Elle se gardait bien de se laisser pousser à bout, parce qu'elle craignait qu'une parole imprudente retînt son mari sur la pente où elle désirait qu'il glissât.
Un jour, elle s'oublia.
Il s'agissait de la disposition intérieure de la maison. Mon père ne croyait jamais avoir atteint l'ordre idéal, et il changeait les meubles de place, bouleversait une pièce pour la recomposer sur un plan nouveau. Sa femme lui reprochait de n'avoir aucune stabilité dans les idées. Mon père, sur ce chapitre, était rapidement piqué.
—Je change d'idées! C'est bientôt dit!… Je change d'idées parce que je mets une chaise à la place d'un fauteuil!… Je change d'idées! Mais cite-moi donc un cas où il s'agisse d'idées et où j'en aie changé?
—Les Plancoulaine!
—Les Plancoulaine?…
—Les Plancoulaine, quelle idée te faisais-tu d'eux, s'il te plaît, il y a six mois? Tu ne les portais pas dans ton cœur?…
—Eh bien?
—Eh bien! aujourd'hui, tu te prépares à aller leur faire amende honorable!
Il n'avait pas pris son café. Il jeta sa serviette et se retira dans son cabinet.
Elle-même regretta ce qu'elle avait dit.
Cette dénonciation du complot secret en retarda pour longtemps l'exécution. Mon père, mordu au vif, s'interdit, à part lui, de jamais seulement penser aux Plancoulaine.
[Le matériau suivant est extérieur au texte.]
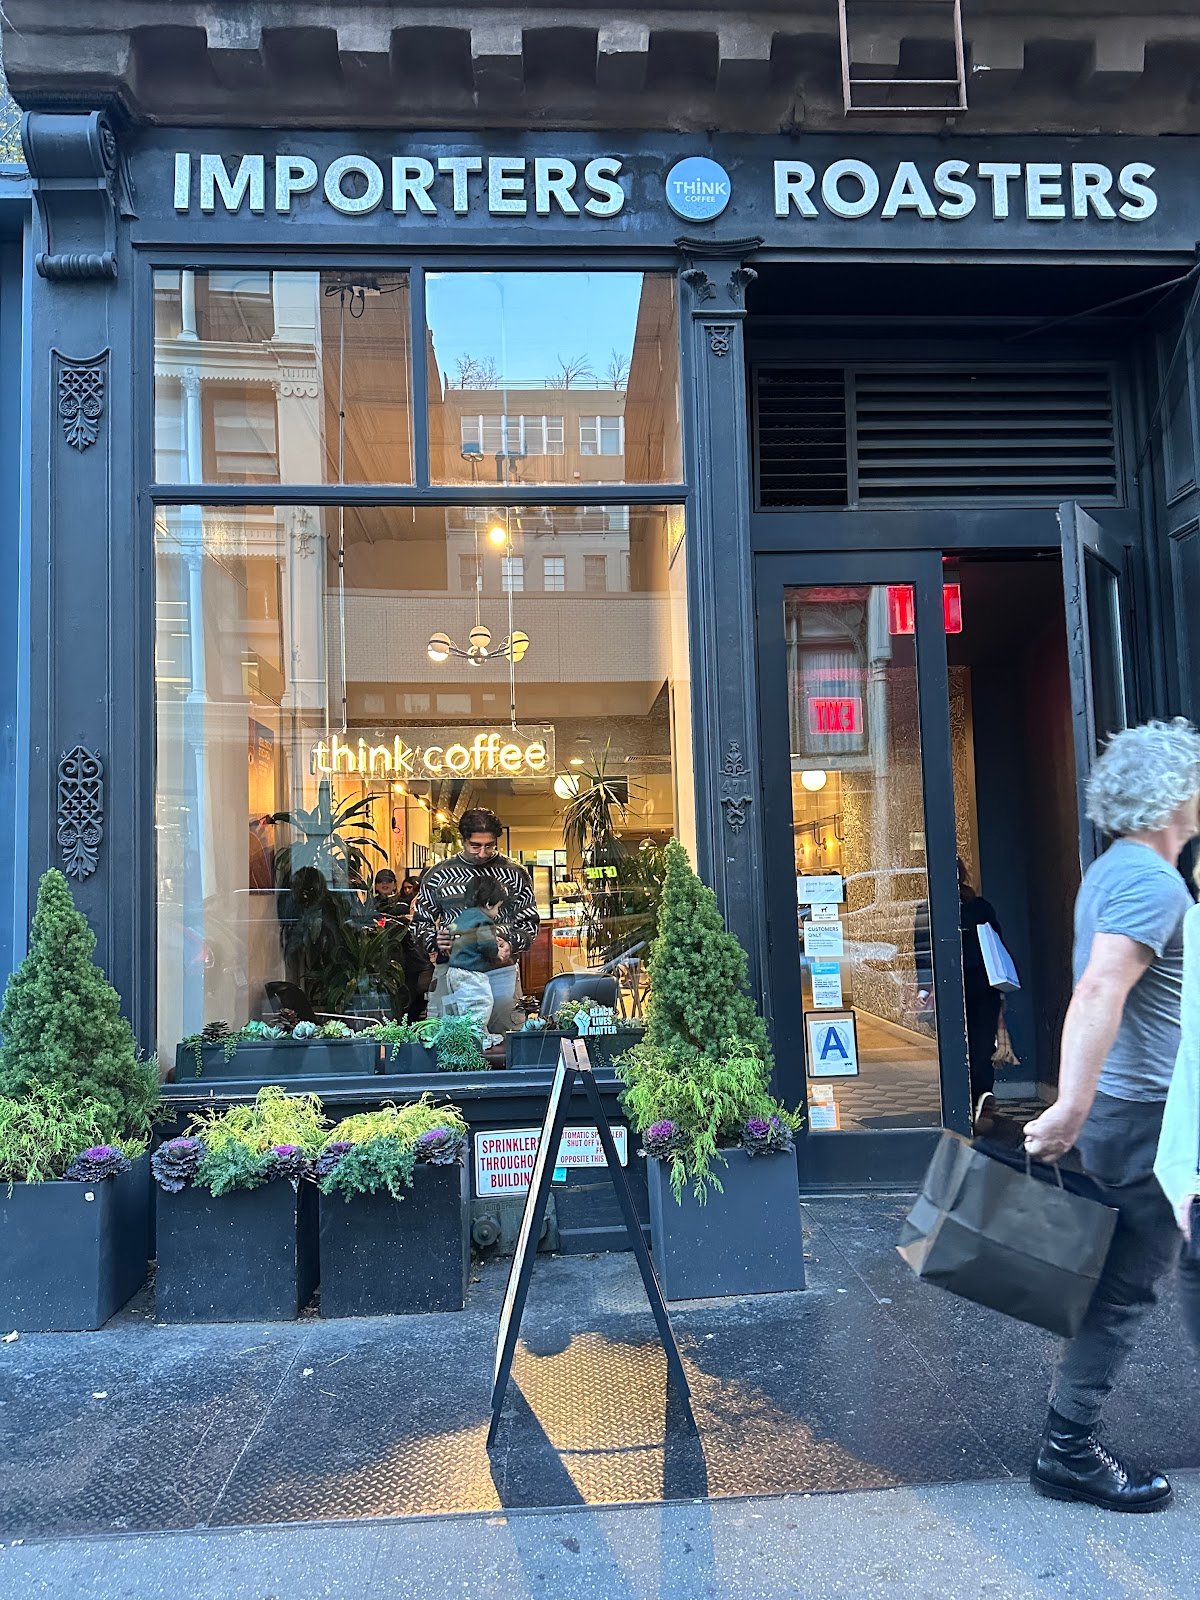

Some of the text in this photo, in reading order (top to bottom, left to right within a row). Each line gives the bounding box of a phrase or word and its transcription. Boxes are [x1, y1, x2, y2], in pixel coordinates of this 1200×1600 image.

[173, 152, 625, 218] IMPORTERS
[773, 158, 1158, 221] ROASTERS
[684, 195, 716, 203] COFFEE
[312, 733, 414, 773] think
[422, 732, 547, 772] coffee
[589, 1006, 615, 1017] BLACK
[592, 1016, 612, 1026] LIVES
[588, 1025, 618, 1036] MATTER
[820, 1026, 849, 1060] A
[567, 1139, 582, 1147] SHUT
[583, 1139, 595, 1147] OFF
[480, 1154, 536, 1171] THROUGHO
[560, 1154, 605, 1163] OPPOSITE THIS
[490, 1171, 530, 1188] BUILDIN
Il ne fut plus question des Plancoulaine, pas même à mots couverts. Si quelqu'un les citait par hasard devant nous, les yeux adoptaient aussitôt cette expression qu'on a lorsqu'on parle des morts. Il ne fallait plus que la mère Fouillette se risquât à nous donner des nouvelles de «la sœur à Paletot»!
Durant cette période, mon père et sa femme ragèrent un peu, mais ils n'ourdissaient plus rien d'inavouable; ils avaient la tête plus légère; ils la relevaient.